At the moment, it's also one of the trendiest.
Start out easy. Not long ago, I made two cups of salsa, enlivened with half a habanero. It was incredibly hot. The flavor starts out floral-fruity, followed by a blast of heat that goes up your nostrils just like wasabi, the incendiary Japanese horseradish. In Peru, habaneros are nicknamed "levanta muertos," or "raise the dead."
The habanero season runs from June to September.
Like other chiles, the habanero has some cousins that are fun to experiment with -- if you can find them. All originate in hot, tropical places. They marry best with fruits such as mango, pineapple and papaya, whose own fruitiness is accented by the fruity overtones of the habanero family. Among them: -- Red Sevina, the habanero for extremists. It's rare, it's expensive, and it has more than half a million Scoville units. Use cautiously, in salsas. -- Manzana, a cousin that's often mistaken for the habanero itself. It's larger, however, with a more rounded tip. It, too, is very, very hot. -- Scotch Bonnet, a smaller version of the habanero, with a similar floral-fruity flavor. It's a summer chile, used extensively in the Caribbean, especially in jerk sauces. I once bought a bottle of Scotch Bonnet salsa from an old man on the Island of Tortola who was selling his wares off a wooden crate. A month later, the bottle exploded. Need I say more?
A User's Guide to Fresh Chiles
Here's a quick primer on using fresh chiles. -- How to Select. The most important thing about a fresh green chile is its freshness. Fresh means shiny and firm; if the stem looks dried, or if it has begun to blacken around the base, the chile is old. -- How to Handle. If your hands tend to be sensitive or you're not used to working with the hotter chiles, wear surgical gloves when cutting them. Chopping a few jalapenos with your bare hands may not hurt, but if you're handling massive quantities, you'll certainly feel it.
Wash your hands extremely well after working with chiles -- and even then don't assume you've removed all the oil.
Even if you can't feel the heat on your tongue when you lick your finger, there may still be a residue -- and it will burn when it comes into contact with more sensitive parts of your skin. Be extremely careful about touching your face, especially your nose and eyes.
If you do rub chile oil into your eyes, flush them immediately with cold running water.
-- Finding the Heat. The hottest part of a chile is not the seeds. Most of the capsaicin (pronounced cap-SAY-a-sin), or chile oil, is in the central membrane to which the seeds are attached. As the chile is picked and transported, this powerful chemical is released onto the seeds. -- Using the Seeds. Seeds look good floating on top of a salsa, lending authority and giving it an authentic look. Don't chop up the seeds with the rest of the ingredients, however; they can be bitter. Remove the seeds as you chop the chiles, then add them back to the finished salsa. And be sure to check the heat level. -- The Lowdown on Charring. Chiles are charred and roasted for two main reasons: to bring out flavor, and to remove the tough, translucent skin.

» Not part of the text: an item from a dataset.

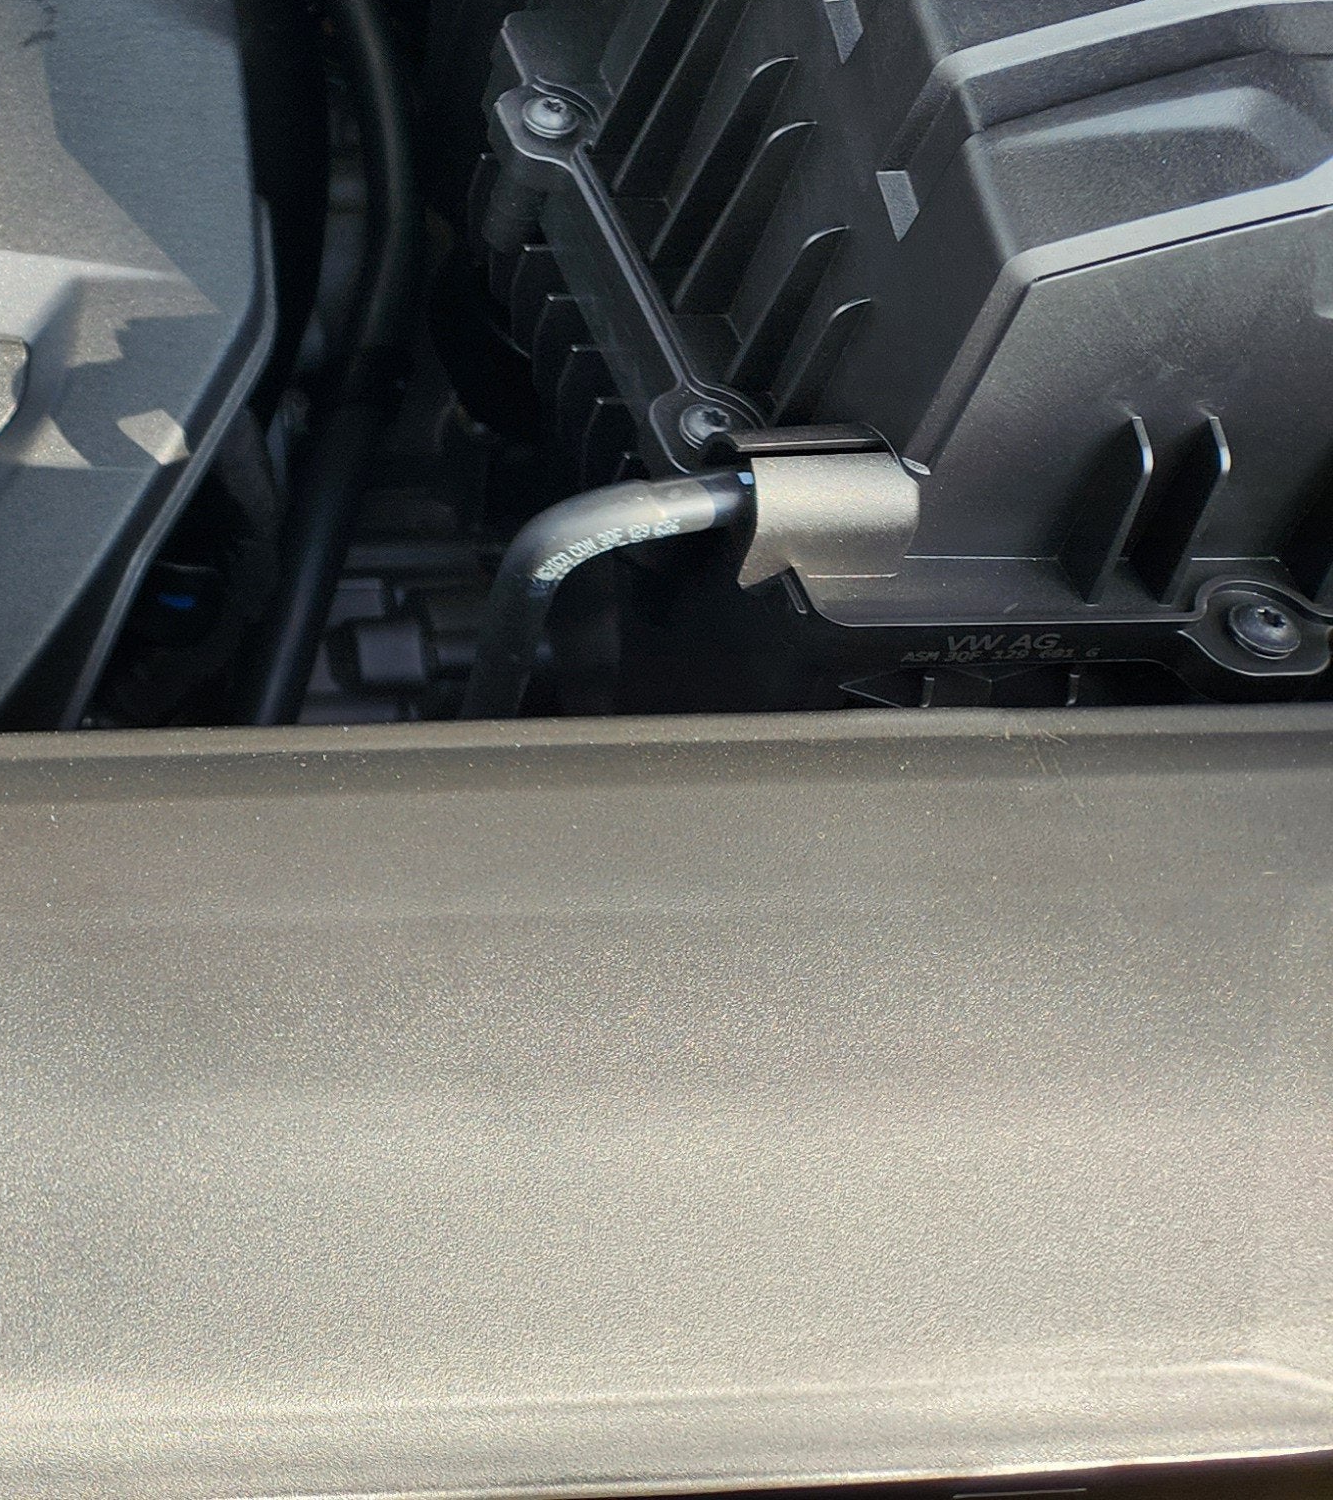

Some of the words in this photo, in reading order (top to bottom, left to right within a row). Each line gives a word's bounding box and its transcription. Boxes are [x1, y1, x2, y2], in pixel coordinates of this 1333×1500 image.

[946, 633, 1007, 651] VW
[1007, 632, 1062, 650] AG
[900, 650, 940, 663] ASM

Blacken the chile by turning it over a gas burner or by putting it on a stainless steel cooling rack placed over an electric burner. The gas-burner method works best because the flame just chars the surface, without actually cooking the chile.
Place blackened chiles in a plastic or paper bag so they will briefly steam. Three to five minutes is enough. The blackened skin will easily slip off. Use a paring knife to remove any tough spots. Do not worry about removing every last bit of blackened skin; a few bits add character.

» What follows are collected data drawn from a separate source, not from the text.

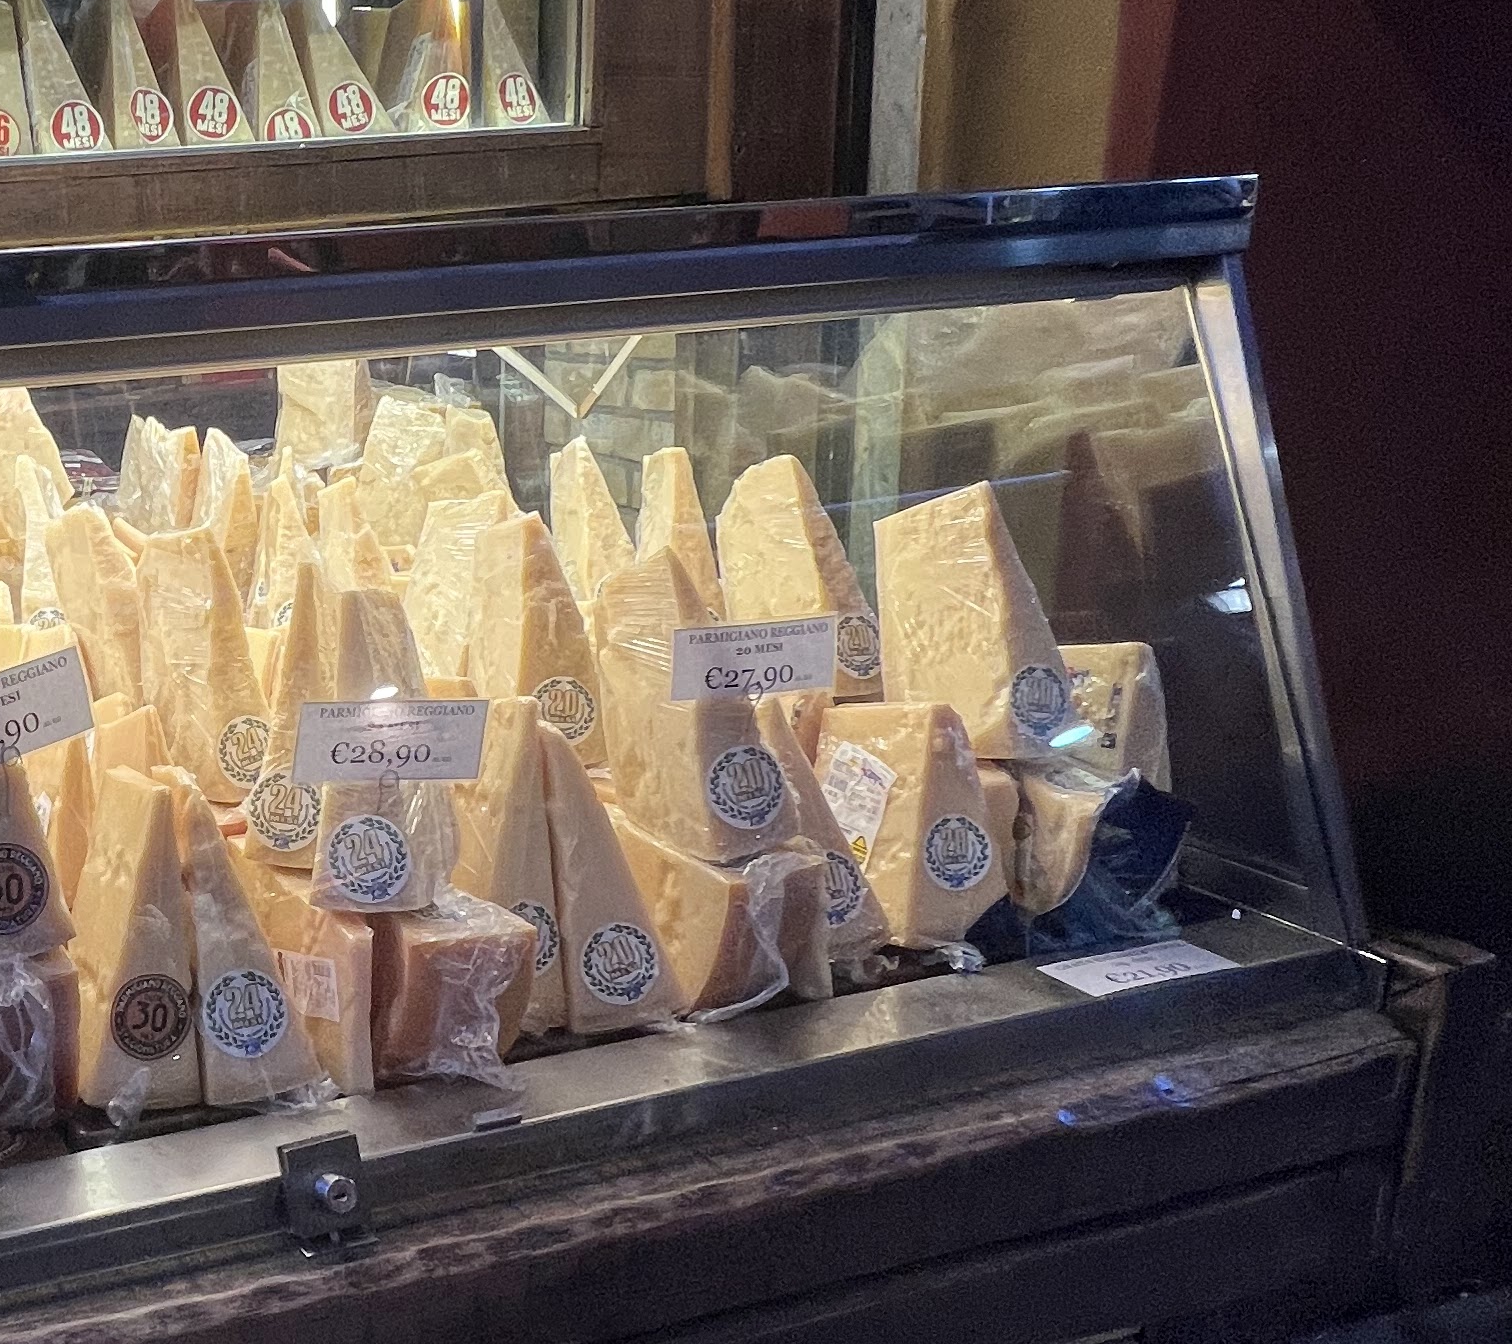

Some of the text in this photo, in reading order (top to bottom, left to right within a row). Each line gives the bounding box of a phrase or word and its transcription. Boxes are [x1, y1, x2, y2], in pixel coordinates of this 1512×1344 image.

[198, 90, 230, 122] 48
[336, 85, 364, 115] 48
[431, 78, 462, 107] 48
[505, 77, 530, 107] 48
[61, 105, 92, 138] 48
[135, 92, 160, 124] 48
[341, 112, 369, 130] MESI
[431, 106, 461, 121] MESI
[506, 104, 533, 118] MESI
[138, 122, 162, 137] MESI
[197, 119, 227, 135] MESI
[274, 111, 302, 140] 48
[63, 136, 94, 148] MESI
[689, 622, 829, 645] PARMIGIANO REGGIANO
[735, 642, 783, 656] 20 MESI
[0, 655, 68, 690] REGGIANO
[407, 705, 475, 717] REGGIANO
[548, 688, 581, 716] 20
[231, 726, 263, 759] 24
[330, 739, 431, 768] €28,90
[726, 757, 766, 792] 20
[268, 783, 303, 815] 24
[344, 828, 386, 868] 24
[224, 983, 263, 1019] 24
[132, 1001, 168, 1032] 30

Note: The only reason for blackening and roasting small chiles, such as the jalapeno and serrano, is to deepen the flavor. The skin on these chiles is not tough and doesn't need to be removed.
And habanero chiles are never roasted. The fumes alone would reach a nuclear level.
How Hot is Hot?
The heat in all chiles, whether hot or mild, is due to the flavorless, odorless, colorless chemical known as capsaicin.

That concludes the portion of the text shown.